The church fathers were best at polemics (refuting false teaching). They will serve us best where the truth of Scripture was under attack during their own time. If you read the fathers, when they wrote about doctrines that were not under attack they were all over the map and often got it wrong. But when they wrote about doctrines that were heavily under attack, they almost always got it right and gloriously so. Herersy served the church to help get the Bibles proper understanding rightly understood and communicated to the people of God.

The church fathers shows us how to respond to culture because they didn’t react directly to culture. They first went to Scripture and then from Scripture to the culture.

How do the fathers and the study of the fathers help us?

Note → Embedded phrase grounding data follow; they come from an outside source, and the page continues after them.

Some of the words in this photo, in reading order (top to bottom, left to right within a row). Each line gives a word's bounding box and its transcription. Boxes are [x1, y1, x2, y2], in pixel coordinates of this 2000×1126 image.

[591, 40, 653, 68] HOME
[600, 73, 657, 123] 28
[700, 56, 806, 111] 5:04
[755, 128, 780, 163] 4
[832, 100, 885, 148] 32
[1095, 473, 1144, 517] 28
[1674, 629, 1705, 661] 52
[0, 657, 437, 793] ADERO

  • They help us in the status of the Old Testament

  • Hebrews for the first couple hundred years of Christianity worked primarily out of the original Hebrew of the Old Testament because the Bible had not yet been compiled. The Bible of the earliest Christianity was the Hebrew Bible. The Hebrew Bible can teach us salvation through faith alone, by grace alone, in Christ alone (2 Timothy 3:15).

    One of the things the Gnostics did was to reject the Old Testament. When the Gnostics did this, the way the church fathers pressed back was to show that not only does the Old Testament prove that Jesus is the Messiah who is sent from God but they show that the New Testament proves that the Old Testament is the authoritative Word of God because Jesus and Paul address it as such.

  • They help us in the status of the New Testament

  • The church fathers helped to identify what should be included in the canon by asking whether each book bore the marks of apostolicity and inspiration. Was it written by an apostle? Did it bear the authority of God? They didn’t determine what goes into the Bible. But they confirmed whether something belongs in the Bible or not.

  • They help us understand the person of Christ

  • The father help us against liberalism

  • The fathers help us have a gospel motivation in living the Christian life. We cannot battle the desires of the flesh with a command. We can only battle the desires of the flesh with the power of the Spirit through the gospel.

Did the fathers know the gospel? Yes and no. Yes, if you mean, “Was the gospel lost in the days of the early church fathers?” No, it wasn’t. Did the fathers speak of things like justification and imputation sufficiently enough for the understanding of the gospel to be sustained for the life of the church? No. Was what they said helpful? Yes.

This teaches us that we cannot assume the gospel. They’re like the man born blind. All he knew was that once he was blind and now he sees. He knew he that was changed. But what he knew wasn’t sufficient for living by grace for a lifetime. Whenever we assume that the gospel is known, we put the church at risk of losing it.

The reason the fathers weren’t as clear about doctrines like imputation and justification by faith alone as the reformers is because they weren’t fighting the same battle the reformers were in the 16th century. Their battles were different and they didn’t have to articulate these doctrines as precisely as the reformers did.

Where should we go if we want to begin reading the church fathers?
  • Start with Augustine’s confessions.
  • Then read the apostolic fathers.
  • Then read Tertullian.
Read them with respect, faithfully, and under the authority of Scripture.